I HAD to watch it again. I love it when it goes into attack mode and hits the end of its leash. I KNEW it wasn't a Maytag!

Tom


----------



## cvairwerks (Feb 20, 2015)

If you have owned a front loader within the last 15 years, it's pretty obvious that he's defeated all the safety interlocks to make it destroy itself.


----------



## Andre (Feb 20, 2015)

That's what happens when you don't use Tide brand detergent.....


----------



## 4GSR (Feb 20, 2015)

When the wife's Maytag front loader bites the dust, my son and I are going to try this.  Have several chunks of iron to choose from.  Bolt the door shut.  Thunderbolt it to the concrete slab.  BTW I'm almost to the point of buying her another washer.  This one has had lots of service work done on it by me and my son. Sure can't afford a service person to come out and work on it!


----------



## Ulma Doctor (Feb 20, 2015)

funny, it sounded like a top fuel dragster idling for a minute then it got ugly!!
great video!!!!


----------



## FanMan (Feb 21, 2015)

cvairwerks said:


> If you have owned a front loader within the last 15 years, it's pretty obvious that he's defeated all the safety interlocks to make it destroy itself.

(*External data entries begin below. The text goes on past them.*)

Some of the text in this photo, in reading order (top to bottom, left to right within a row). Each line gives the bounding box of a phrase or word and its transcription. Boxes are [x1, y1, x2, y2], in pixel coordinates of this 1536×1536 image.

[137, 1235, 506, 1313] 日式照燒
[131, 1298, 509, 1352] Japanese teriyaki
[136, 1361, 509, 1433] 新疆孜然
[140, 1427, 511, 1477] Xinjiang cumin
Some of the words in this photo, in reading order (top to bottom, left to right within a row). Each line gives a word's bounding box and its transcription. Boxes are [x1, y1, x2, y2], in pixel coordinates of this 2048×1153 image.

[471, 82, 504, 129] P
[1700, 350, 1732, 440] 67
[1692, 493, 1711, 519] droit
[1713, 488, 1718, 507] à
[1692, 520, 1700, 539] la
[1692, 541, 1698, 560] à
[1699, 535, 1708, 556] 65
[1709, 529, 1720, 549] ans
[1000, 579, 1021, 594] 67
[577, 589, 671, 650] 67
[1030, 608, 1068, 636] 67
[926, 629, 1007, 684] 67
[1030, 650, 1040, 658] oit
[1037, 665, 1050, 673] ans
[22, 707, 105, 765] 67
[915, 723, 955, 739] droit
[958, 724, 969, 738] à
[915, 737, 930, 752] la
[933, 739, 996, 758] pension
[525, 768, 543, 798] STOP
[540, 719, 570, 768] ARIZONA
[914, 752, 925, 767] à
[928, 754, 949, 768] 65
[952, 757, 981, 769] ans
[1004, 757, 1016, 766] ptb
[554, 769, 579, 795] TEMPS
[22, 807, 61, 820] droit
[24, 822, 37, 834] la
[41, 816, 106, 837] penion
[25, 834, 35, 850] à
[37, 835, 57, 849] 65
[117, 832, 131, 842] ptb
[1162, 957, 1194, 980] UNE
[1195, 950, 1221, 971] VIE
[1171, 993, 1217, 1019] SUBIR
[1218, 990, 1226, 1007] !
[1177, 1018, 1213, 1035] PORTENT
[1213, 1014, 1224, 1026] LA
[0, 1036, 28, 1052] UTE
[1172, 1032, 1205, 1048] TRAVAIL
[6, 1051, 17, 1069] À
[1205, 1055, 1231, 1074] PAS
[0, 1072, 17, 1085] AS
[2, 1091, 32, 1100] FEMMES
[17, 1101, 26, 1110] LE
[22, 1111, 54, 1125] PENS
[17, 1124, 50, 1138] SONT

Of course.  He says he removed the concrete counterweights, and it's obvious he wired the motor directly to the power cord.  Probably loosened or removed a lot of the screws holding it together, too.


----------



## cjtoombs (Feb 21, 2015)

I wonder if Whirlpool tests them for these during design...


----------



## thomas s (Feb 21, 2015)

That was great


----------



## 4GSR (Feb 21, 2015)

cjtoombs said:


> I wonder if Whirlpool tests them for these during design...



I'm sure the engineers at Whirlpool are all sitting around laughting their a$$s off as we speak over this video.  

I highly doubt they do extreme test like this.  They only test in realistic parameters.  Like over loading with clothes, throwing 10 pairs of canvas shoes in the wash, things like this.  They wouldn't want to know what it is like living in a household with a machinist.  Steel shavings, end mills, carbide inserts, drills, etc., stuff we carry in our pockets and forget to remove.  I remember mom emptying out dad's pockets out on the washing machine.  Never needed anything in the workshop at home.  Go to the washer and dig thru the stuff until you found what you needed.


----------



## RJSakowski (Feb 21, 2015)

Before everybody starts trashing front loaders, I noticed that, for Frigidaire at least, the newer motors are three phase with a VFD.  Possibly a retrofit for a small lathe?


----------



## Ulma Doctor (Feb 21, 2015)

RJSakowski said:


> Before everybody starts trashing front loaders, I noticed that, for Frigidaire at least, the newer motors are three phase with a VFD.  Possibly a retrofit for a small lathe?



I like your thinking.....


----------



## 4GSR (Feb 21, 2015)

RJSakowski said:


> Before everybody starts trashing front loaders, I noticed that, for Frigidaire at least, the newer motors are three phase with a VFD.  Possibly a retrofit for a small lathe?


All the newer front end loaders have three phase motors in them.  All you have to do is pull the board and use.  The only problem is the motor would stop at the end of the washing cycle and kick in the spin cycle.  That might make things very excited...  I don't know if the board can be reprogrammed or not.  You can by VFD's that operates on 120V single phase.  Not sure about the outputs voltages or what the voltage requirement is of the washing machine motor though.


----------



## Ulma Doctor (Feb 21, 2015)

i wonder if you could disable the timer circuit???


----------



## 4GSR (Feb 21, 2015)

I know on my wifes Whirlpool washer,  it's all built into the control board that operates the motor, too.  I doubt you could go in and isolate the timer.


----------